▶ **About this task**: Write out the records that follow exactly. Do not include pictures.

▶ **Source material**:

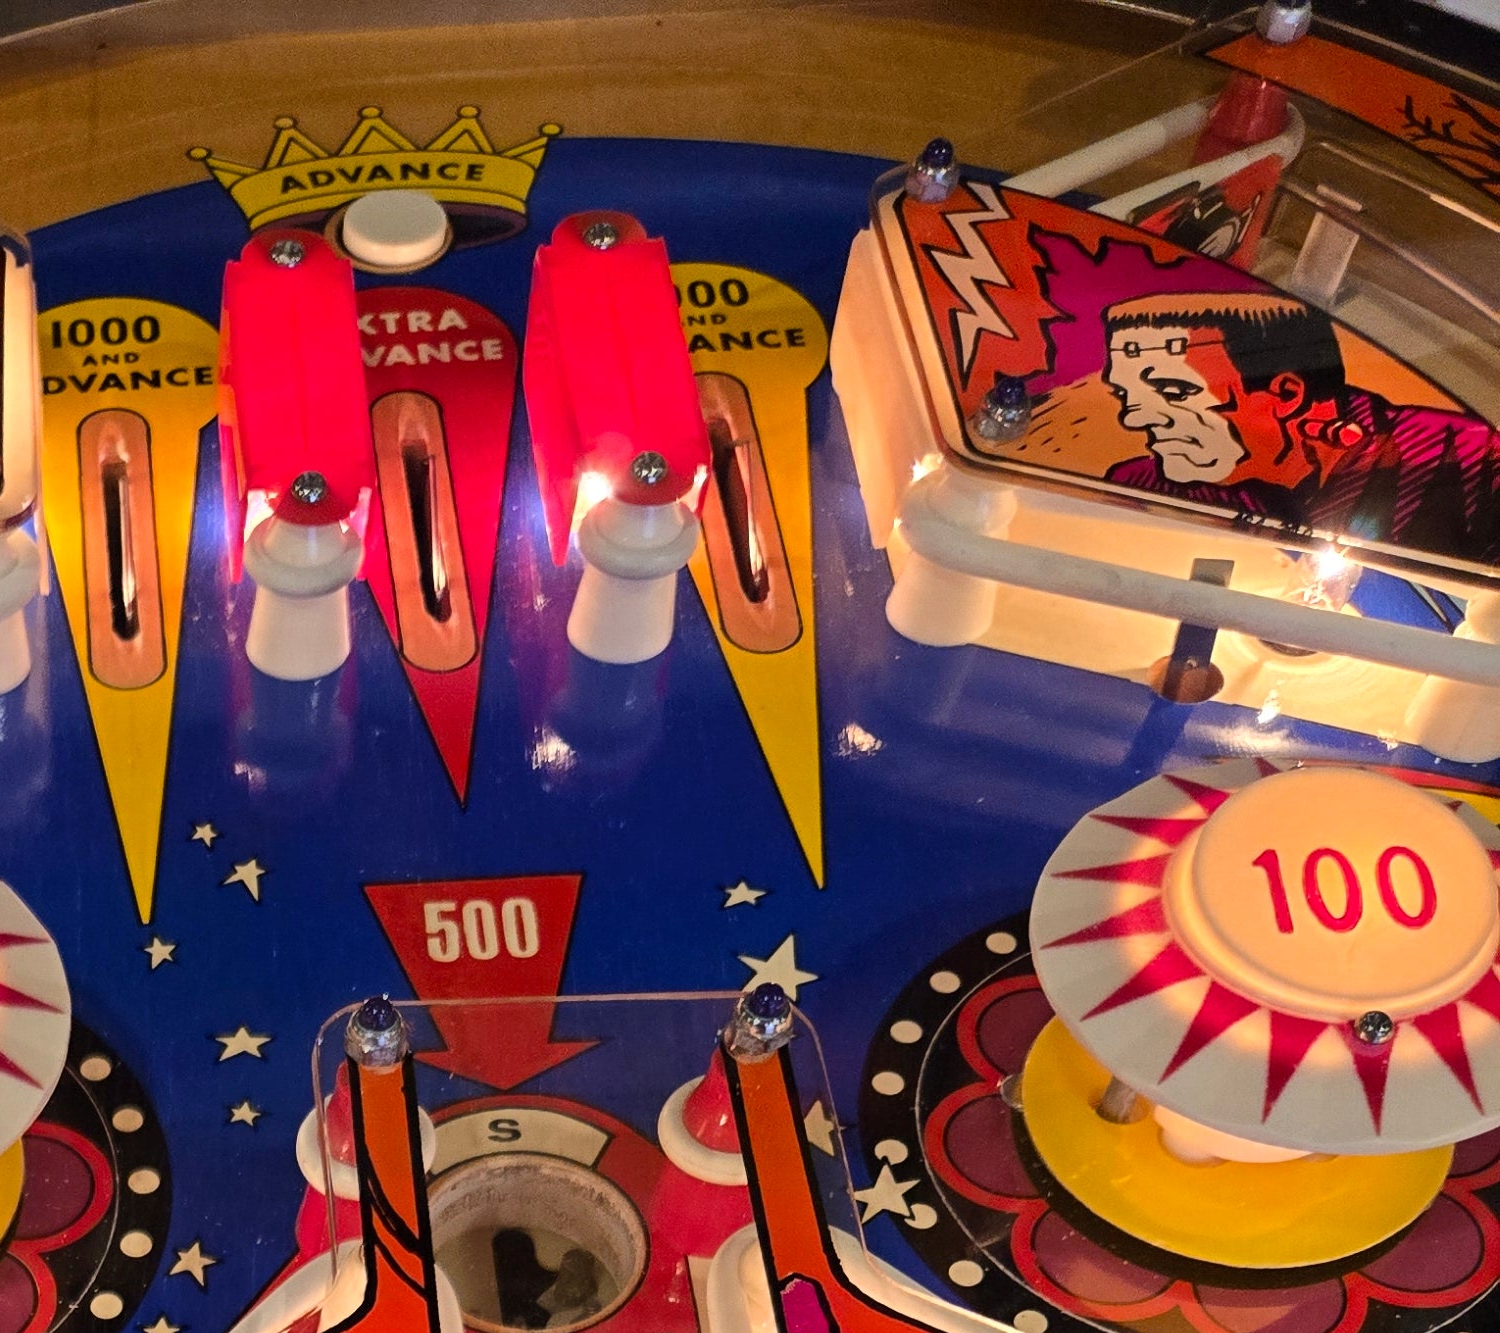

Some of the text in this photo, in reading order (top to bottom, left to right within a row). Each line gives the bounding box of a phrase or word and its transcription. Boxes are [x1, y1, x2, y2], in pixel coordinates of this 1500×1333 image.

[280, 162, 486, 194] ADVANCE
[674, 277, 750, 309] 00
[51, 315, 161, 349] 1000
[357, 307, 468, 336] XTRA
[682, 313, 727, 327] ND
[360, 338, 504, 368] VANCE
[688, 328, 806, 354] ANCE
[81, 352, 140, 368] AND
[42, 366, 214, 396] DVANCE
[1251, 845, 1438, 934] 100
[423, 897, 539, 963] 500
[487, 1118, 522, 1142] S
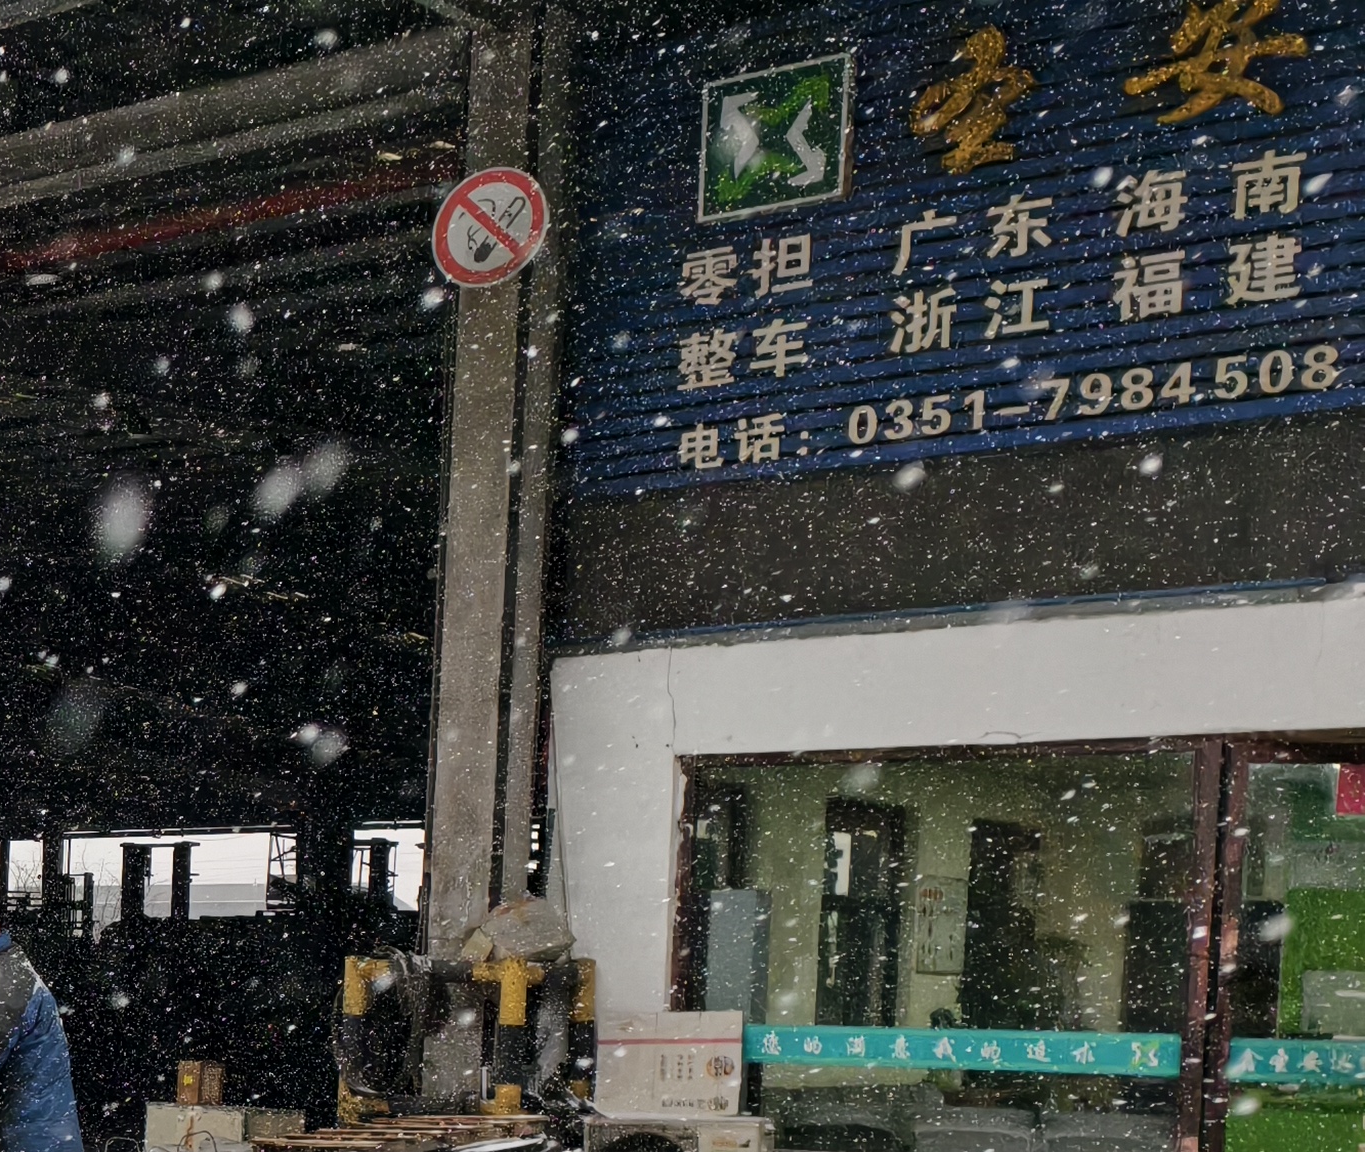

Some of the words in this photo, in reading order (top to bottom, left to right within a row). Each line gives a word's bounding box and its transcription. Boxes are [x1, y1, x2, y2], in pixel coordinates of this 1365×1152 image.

[891, 194, 1053, 275] 广东
[1115, 149, 1308, 238] 海南
[680, 233, 814, 306] 零担
[887, 275, 1052, 354] 浙江
[1113, 235, 1305, 322] 福建
[676, 318, 809, 392] 整车
[847, 344, 1343, 446] 0351-7984508
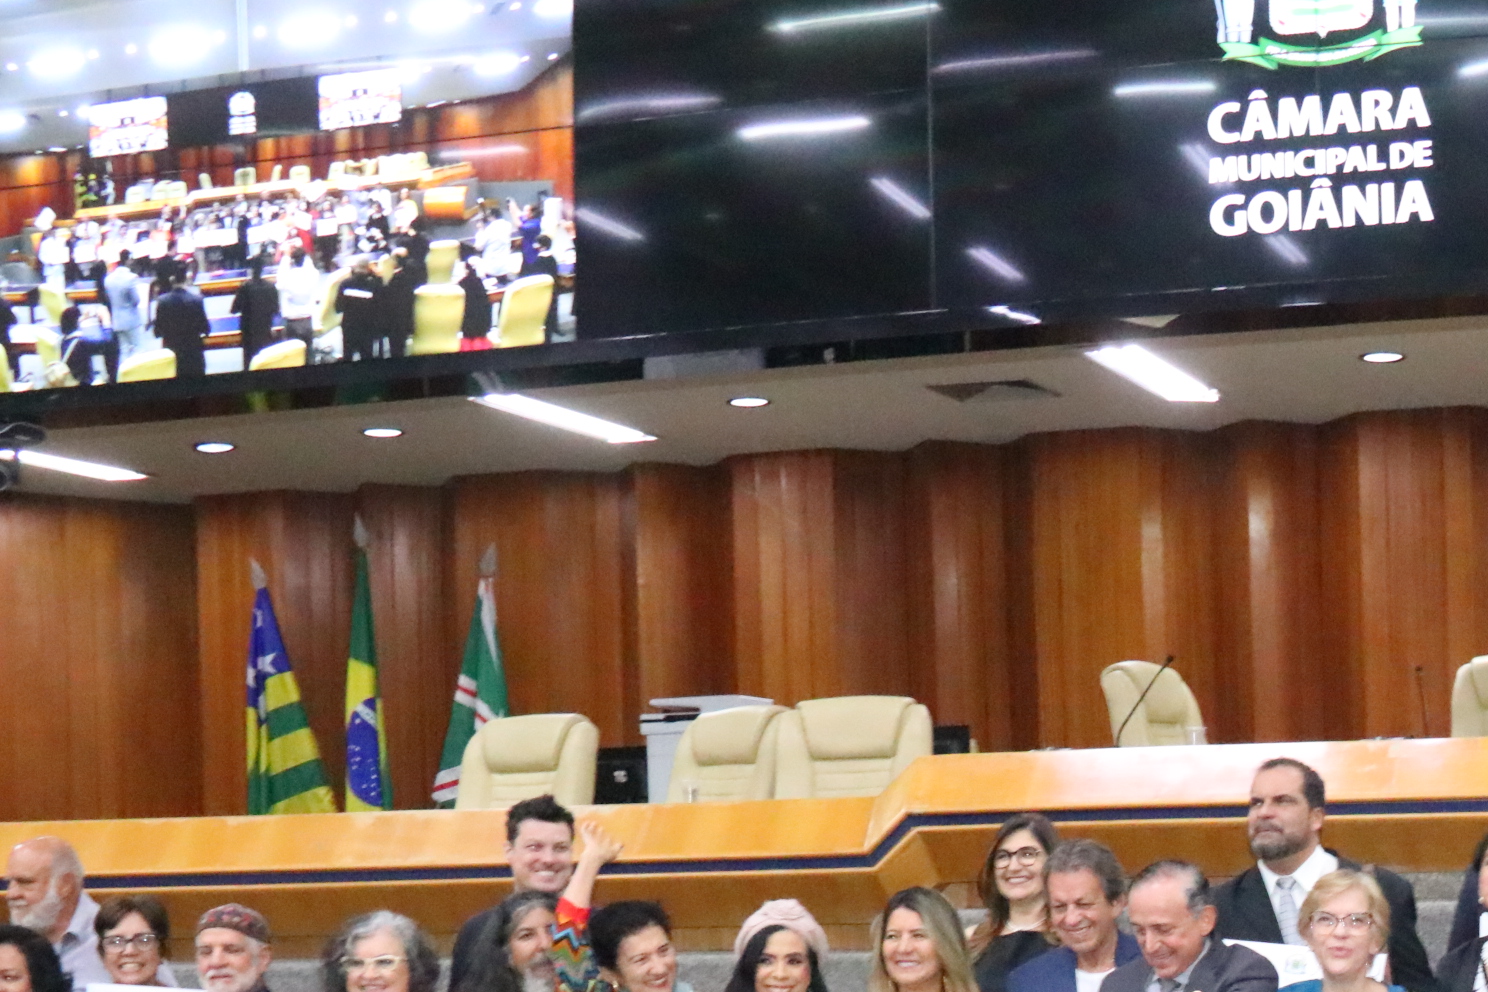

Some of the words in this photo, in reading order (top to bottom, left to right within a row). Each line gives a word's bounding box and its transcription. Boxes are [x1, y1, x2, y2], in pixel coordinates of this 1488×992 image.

[1207, 87, 1432, 144] CÂMARA
[1208, 144, 1387, 184] MUNICIPAL
[1389, 140, 1433, 170] DE
[1209, 177, 1434, 237] GOIÂNIA

▶ **Answer**:
Some of the text in this photo, in reading order (top to bottom, left to right within a row). Each line gives the bounding box of a phrase or word and its transcription. Boxes are [x1, y1, x2, y2], in pixel coordinates of this 1500×1333 image.

[280, 162, 486, 194] ADVANCE
[674, 277, 750, 309] 00
[51, 315, 161, 349] 1000
[357, 307, 468, 336] XTRA
[682, 313, 727, 327] ND
[360, 338, 504, 368] VANCE
[688, 328, 806, 354] ANCE
[81, 352, 140, 368] AND
[42, 366, 214, 396] DVANCE
[1251, 845, 1438, 934] 100
[423, 897, 539, 963] 500
[487, 1118, 522, 1142] S

Some of the words in this photo, in reading order (top to bottom, left to right within a row). Each line gives a word's bounding box and its transcription. Boxes are [x1, y1, x2, y2], in pixel coordinates of this 1365×1152 image.

[891, 194, 1053, 275] 广东
[1115, 149, 1308, 238] 海南
[680, 233, 814, 306] 零担
[887, 275, 1052, 354] 浙江
[1113, 235, 1305, 322] 福建
[676, 318, 809, 392] 整车
[847, 344, 1343, 446] 0351-7984508

Some of the words in this photo, in reading order (top to bottom, left to right within a row). Each line gives a word's bounding box and its transcription. Boxes are [x1, y1, x2, y2], in pixel coordinates of this 1488×992 image.

[1207, 87, 1432, 144] CÂMARA
[1208, 144, 1387, 184] MUNICIPAL
[1389, 140, 1433, 170] DE
[1209, 177, 1434, 237] GOIÂNIA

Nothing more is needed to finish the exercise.